Segment Start: RECORD SET
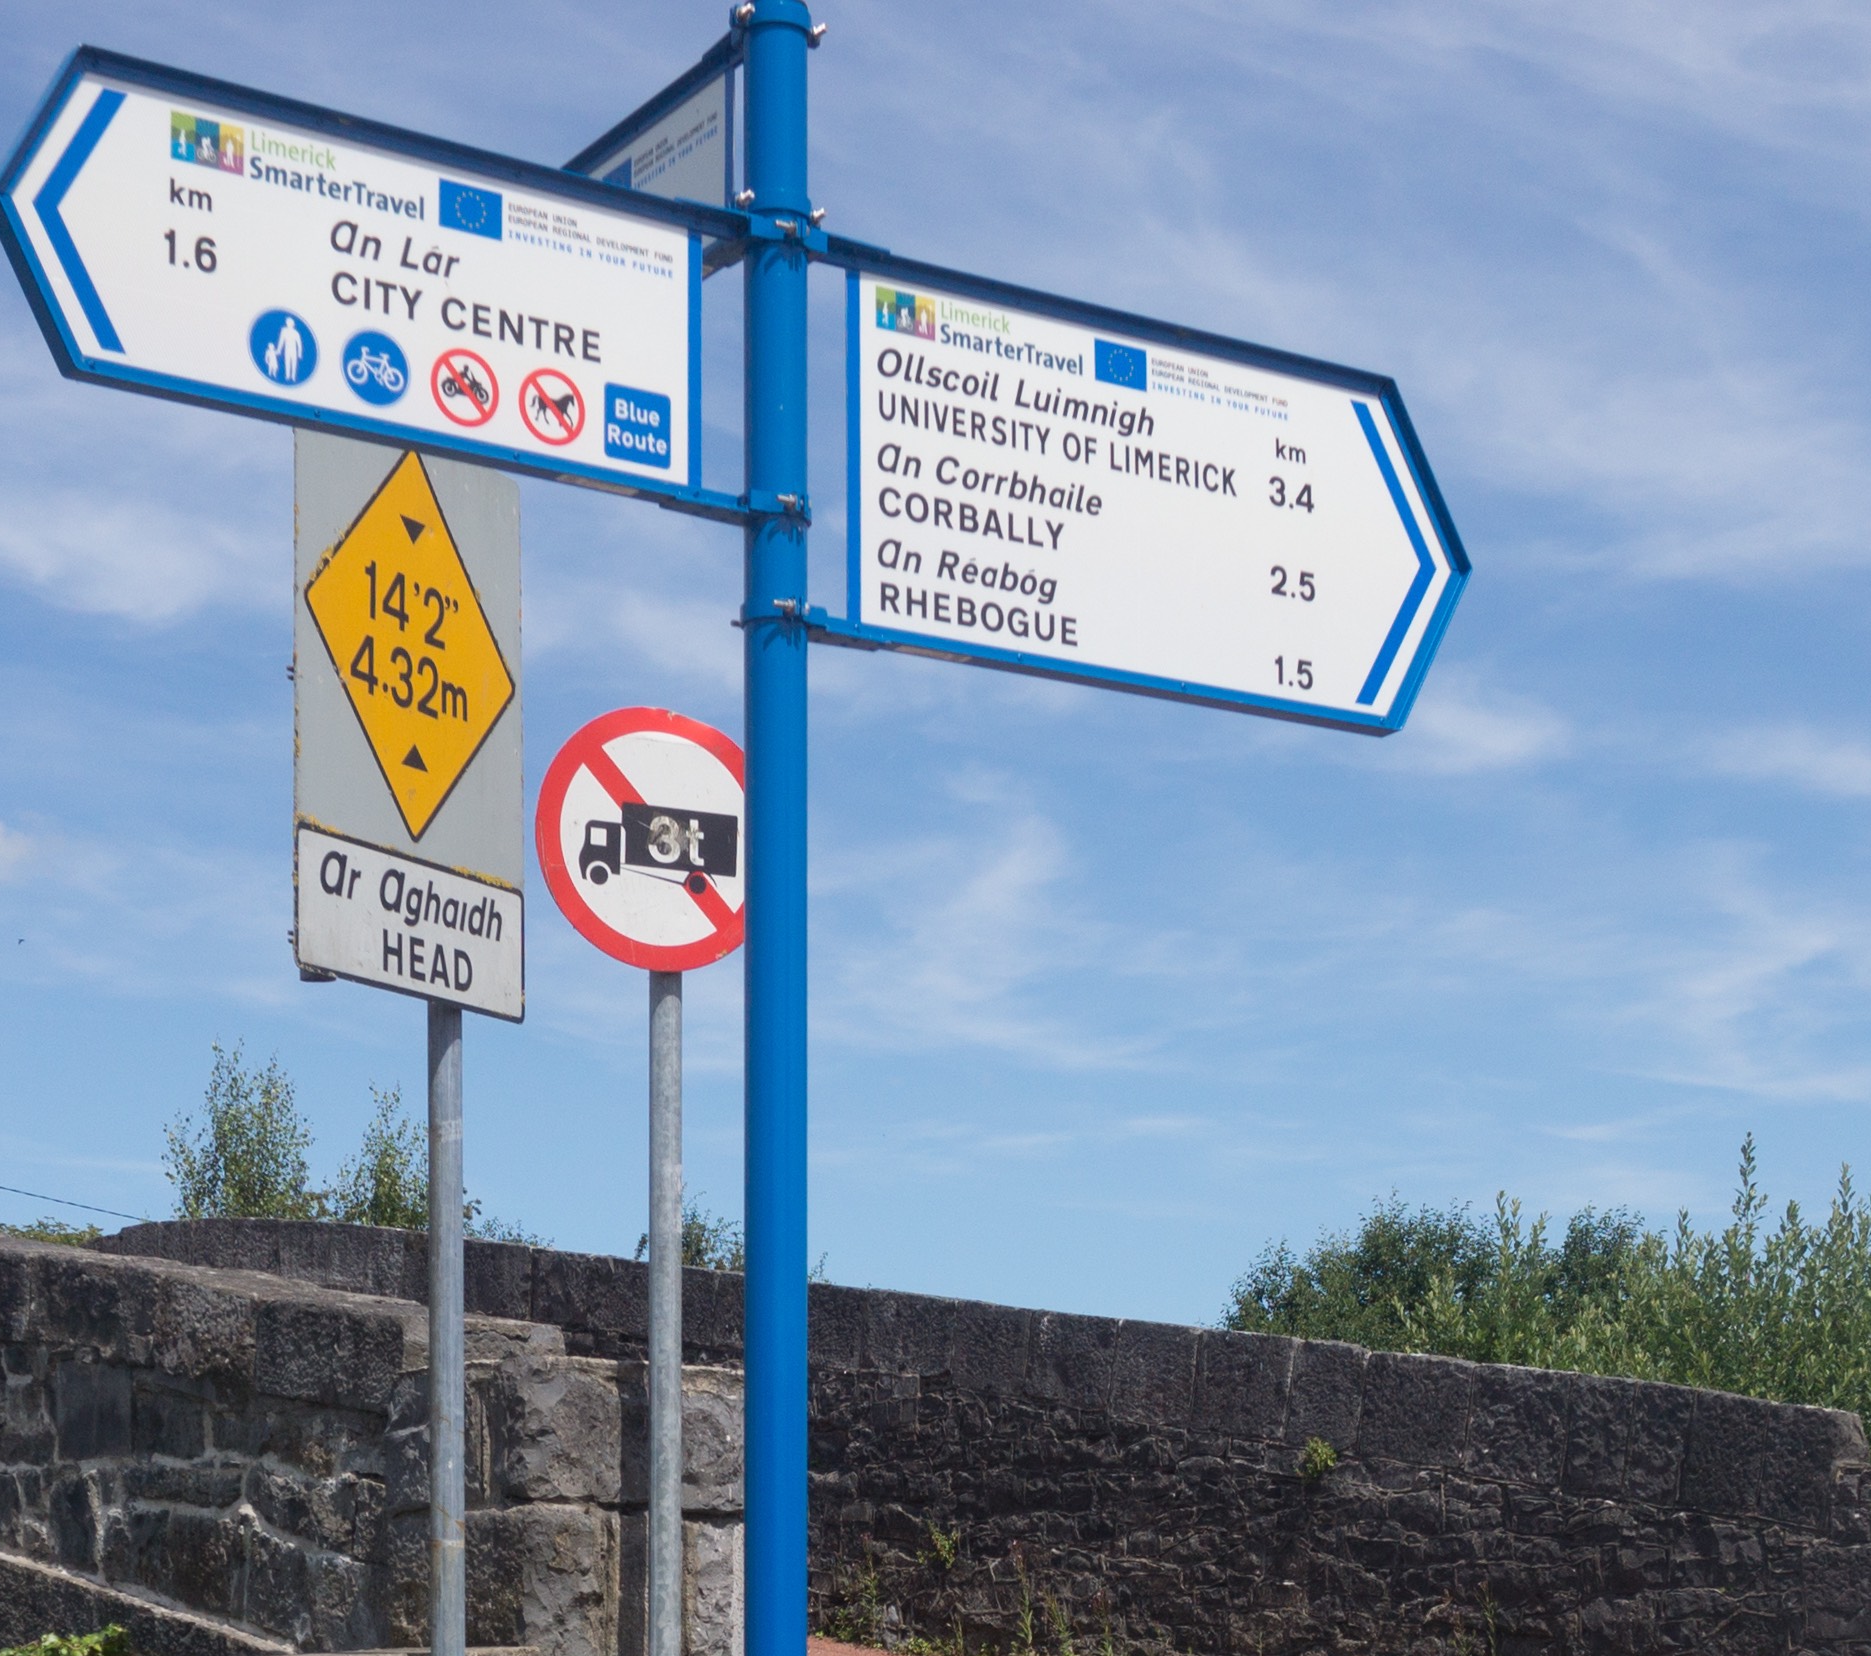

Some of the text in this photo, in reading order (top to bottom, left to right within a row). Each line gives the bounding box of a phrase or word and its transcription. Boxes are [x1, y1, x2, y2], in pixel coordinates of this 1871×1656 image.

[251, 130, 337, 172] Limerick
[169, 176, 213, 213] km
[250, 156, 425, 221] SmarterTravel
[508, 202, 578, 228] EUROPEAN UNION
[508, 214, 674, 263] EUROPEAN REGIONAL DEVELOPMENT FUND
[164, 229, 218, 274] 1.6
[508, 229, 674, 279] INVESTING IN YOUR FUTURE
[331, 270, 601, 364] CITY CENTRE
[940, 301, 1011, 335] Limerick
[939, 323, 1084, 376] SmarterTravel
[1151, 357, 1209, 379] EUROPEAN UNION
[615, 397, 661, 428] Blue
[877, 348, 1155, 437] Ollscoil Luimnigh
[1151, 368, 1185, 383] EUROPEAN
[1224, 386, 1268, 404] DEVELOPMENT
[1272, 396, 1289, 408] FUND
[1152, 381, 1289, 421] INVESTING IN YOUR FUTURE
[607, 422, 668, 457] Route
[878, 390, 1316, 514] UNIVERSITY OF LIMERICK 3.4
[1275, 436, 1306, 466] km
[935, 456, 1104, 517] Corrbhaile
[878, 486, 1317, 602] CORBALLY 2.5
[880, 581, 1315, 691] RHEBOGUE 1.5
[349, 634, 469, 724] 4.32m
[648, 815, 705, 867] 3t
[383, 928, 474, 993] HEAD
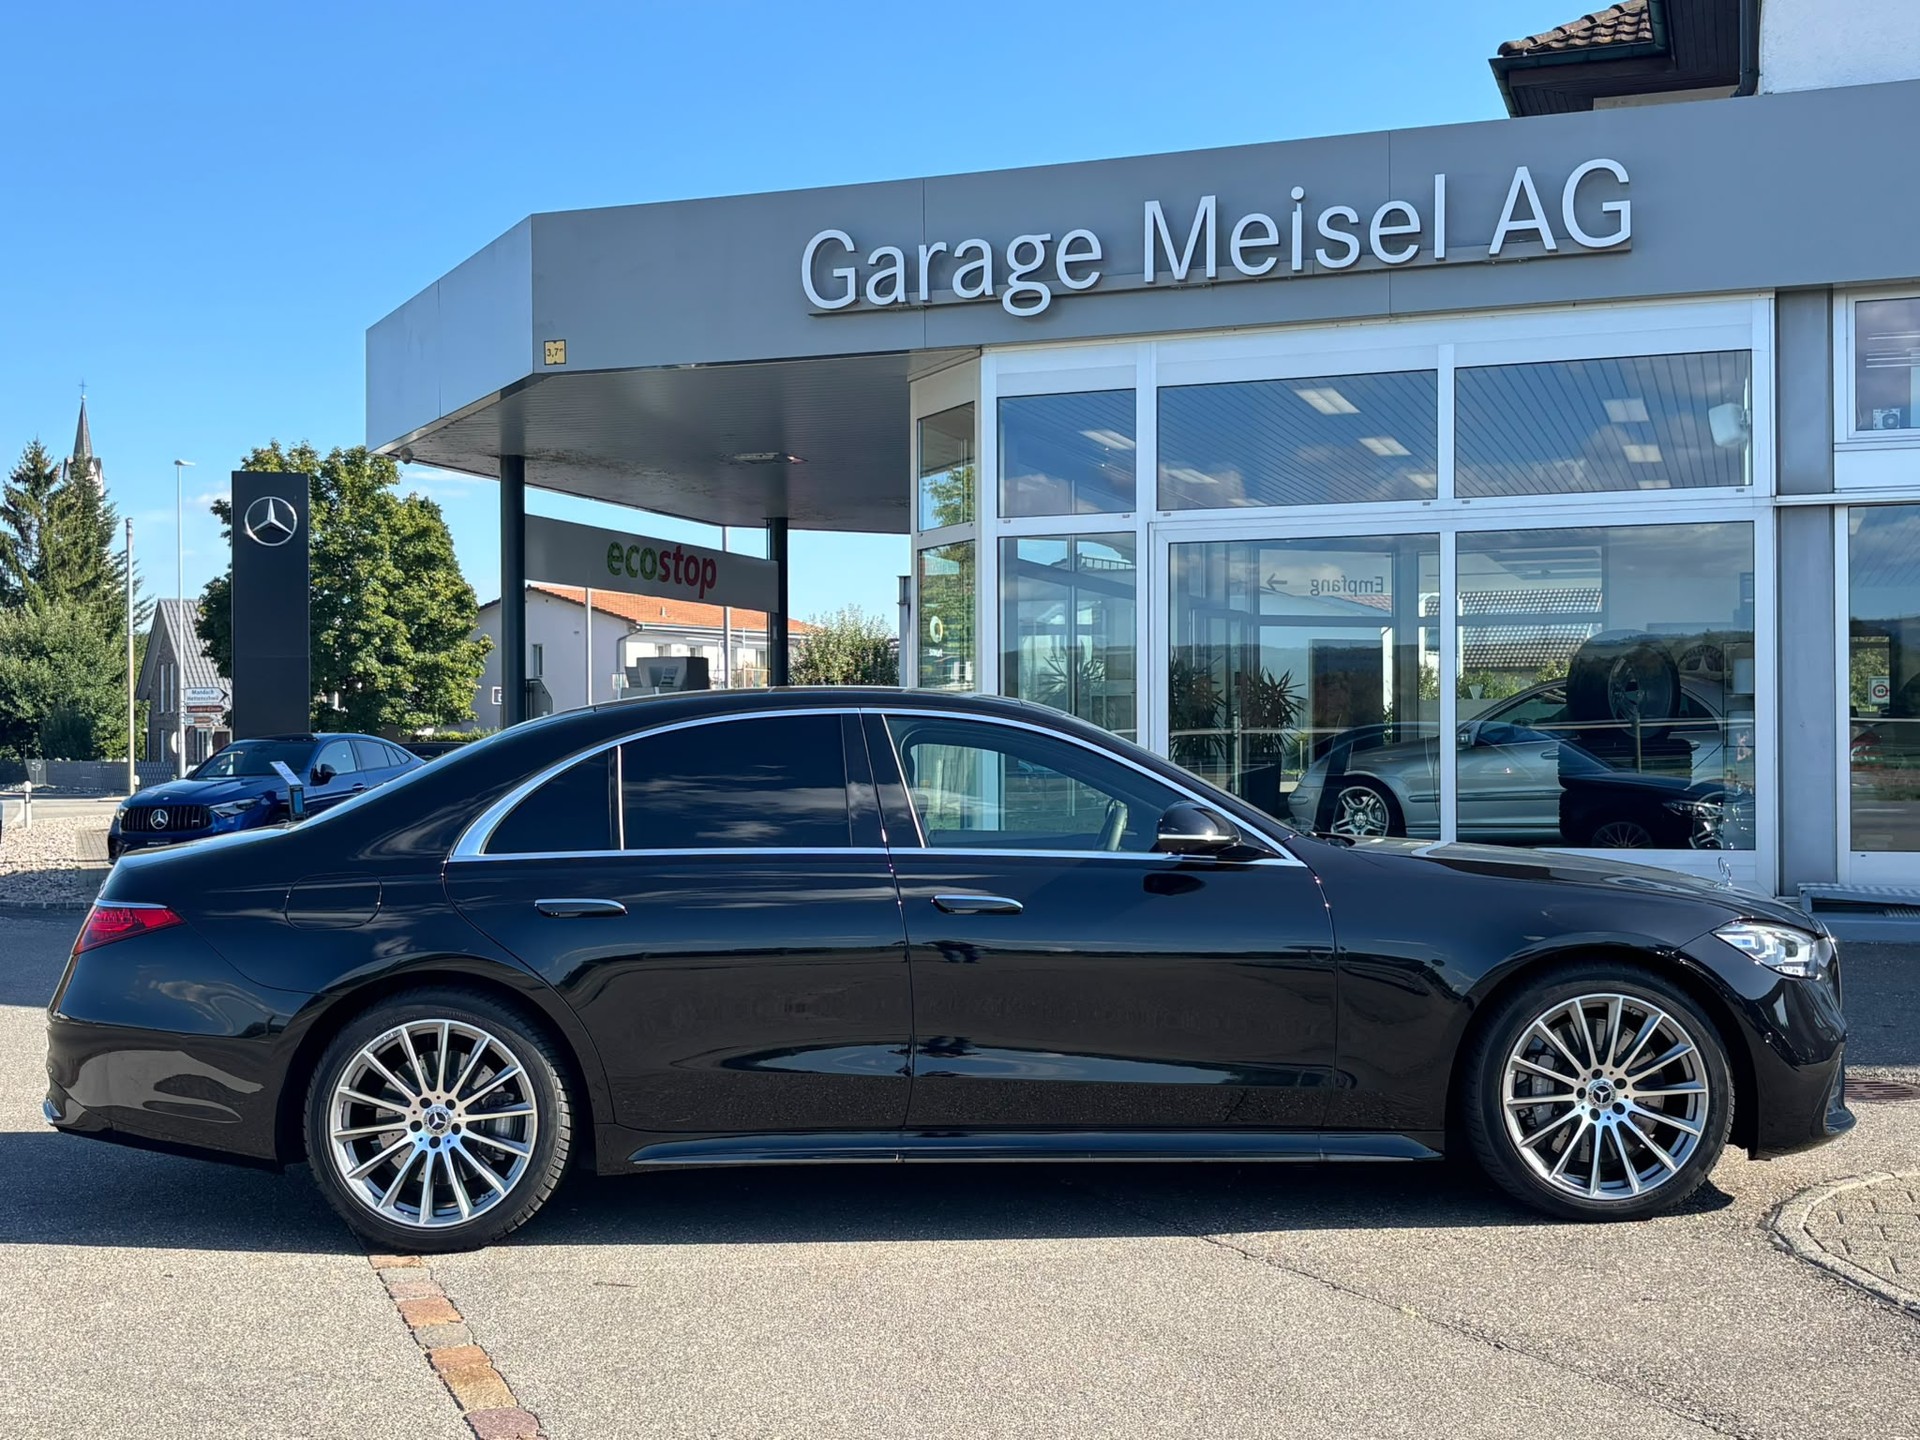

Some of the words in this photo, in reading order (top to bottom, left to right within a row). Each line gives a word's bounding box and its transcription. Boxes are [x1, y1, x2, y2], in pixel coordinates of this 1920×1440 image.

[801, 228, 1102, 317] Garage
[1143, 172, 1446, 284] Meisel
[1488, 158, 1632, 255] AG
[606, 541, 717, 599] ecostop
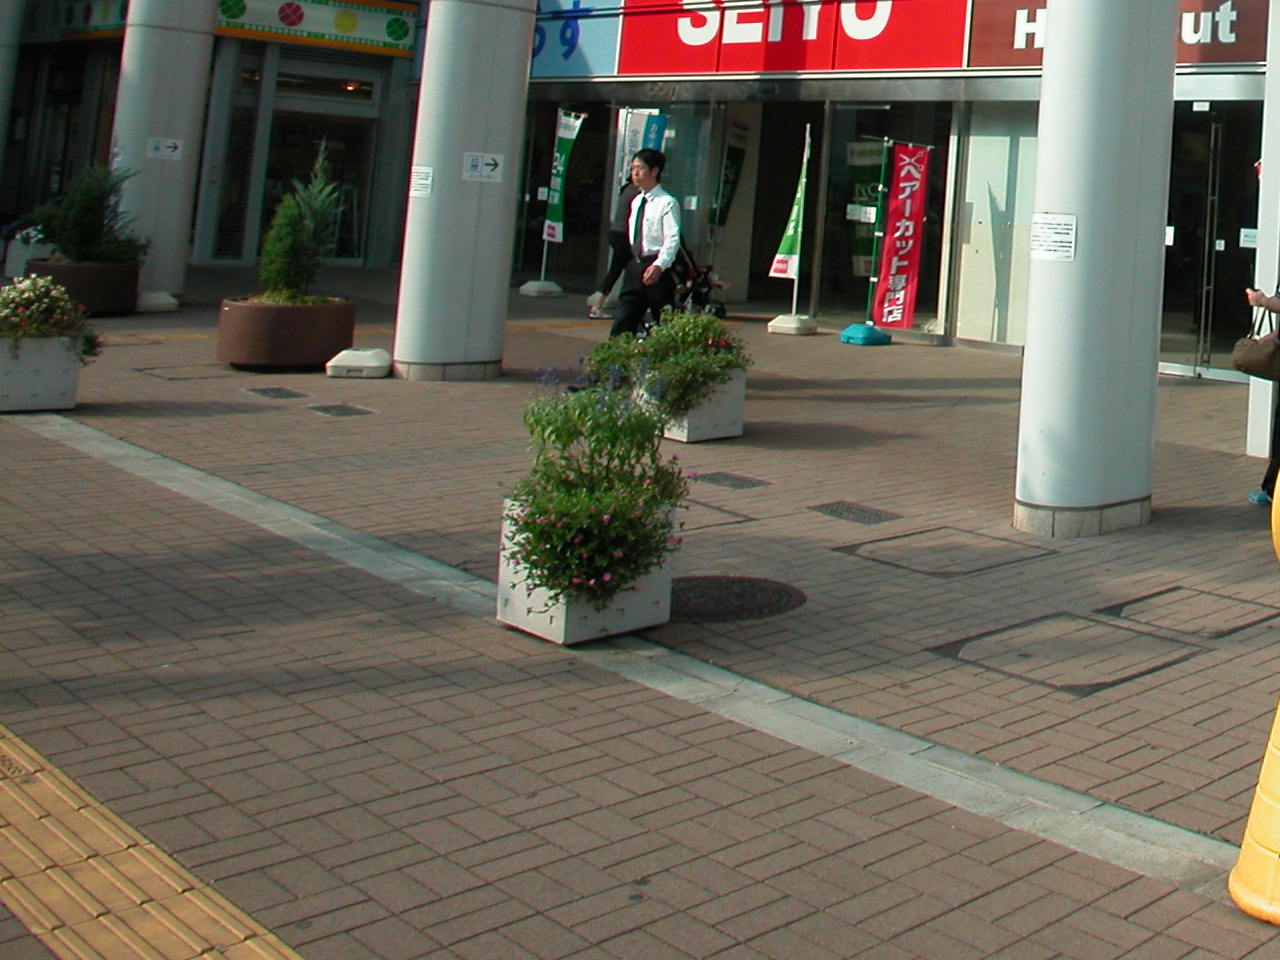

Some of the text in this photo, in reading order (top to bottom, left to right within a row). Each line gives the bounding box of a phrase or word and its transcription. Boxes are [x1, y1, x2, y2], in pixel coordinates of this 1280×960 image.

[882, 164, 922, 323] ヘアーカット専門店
Segment End: RECORD SET
#### WHAT THE TASK REQUIRES:
Copy the data word for word and omit every picture.

#### TASK RESPONSE:
Some of the text in this photo, in reading order (top to bottom, left to right within a row). Each line gives the bounding box of a phrase or word and its transcription. Boxes are [x1, y1, x2, y2], in pixel coordinates of this 1871×1656 image.

[251, 130, 337, 172] Limerick
[169, 176, 213, 213] km
[250, 156, 425, 221] SmarterTravel
[508, 202, 578, 228] EUROPEAN UNION
[508, 214, 674, 263] EUROPEAN REGIONAL DEVELOPMENT FUND
[164, 229, 218, 274] 1.6
[508, 229, 674, 279] INVESTING IN YOUR FUTURE
[331, 270, 601, 364] CITY CENTRE
[940, 301, 1011, 335] Limerick
[939, 323, 1084, 376] SmarterTravel
[1151, 357, 1209, 379] EUROPEAN UNION
[615, 397, 661, 428] Blue
[877, 348, 1155, 437] Ollscoil Luimnigh
[1151, 368, 1185, 383] EUROPEAN
[1224, 386, 1268, 404] DEVELOPMENT
[1272, 396, 1289, 408] FUND
[1152, 381, 1289, 421] INVESTING IN YOUR FUTURE
[607, 422, 668, 457] Route
[878, 390, 1316, 514] UNIVERSITY OF LIMERICK 3.4
[1275, 436, 1306, 466] km
[935, 456, 1104, 517] Corrbhaile
[878, 486, 1317, 602] CORBALLY 2.5
[880, 581, 1315, 691] RHEBOGUE 1.5
[349, 634, 469, 724] 4.32m
[648, 815, 705, 867] 3t
[383, 928, 474, 993] HEAD

Some of the words in this photo, in reading order (top to bottom, left to right within a row). Each line gives a word's bounding box and its transcription. Boxes are [x1, y1, x2, y2], in pixel coordinates of this 1920×1440 image.

[801, 228, 1102, 317] Garage
[1143, 172, 1446, 284] Meisel
[1488, 158, 1632, 255] AG
[606, 541, 717, 599] ecostop

Some of the text in this photo, in reading order (top to bottom, left to right within a row). Each line gives the bounding box of a phrase or word and its transcription. Boxes are [x1, y1, x2, y2], in pixel coordinates of this 1280×960 image.

[882, 164, 922, 323] ヘアーカット専門店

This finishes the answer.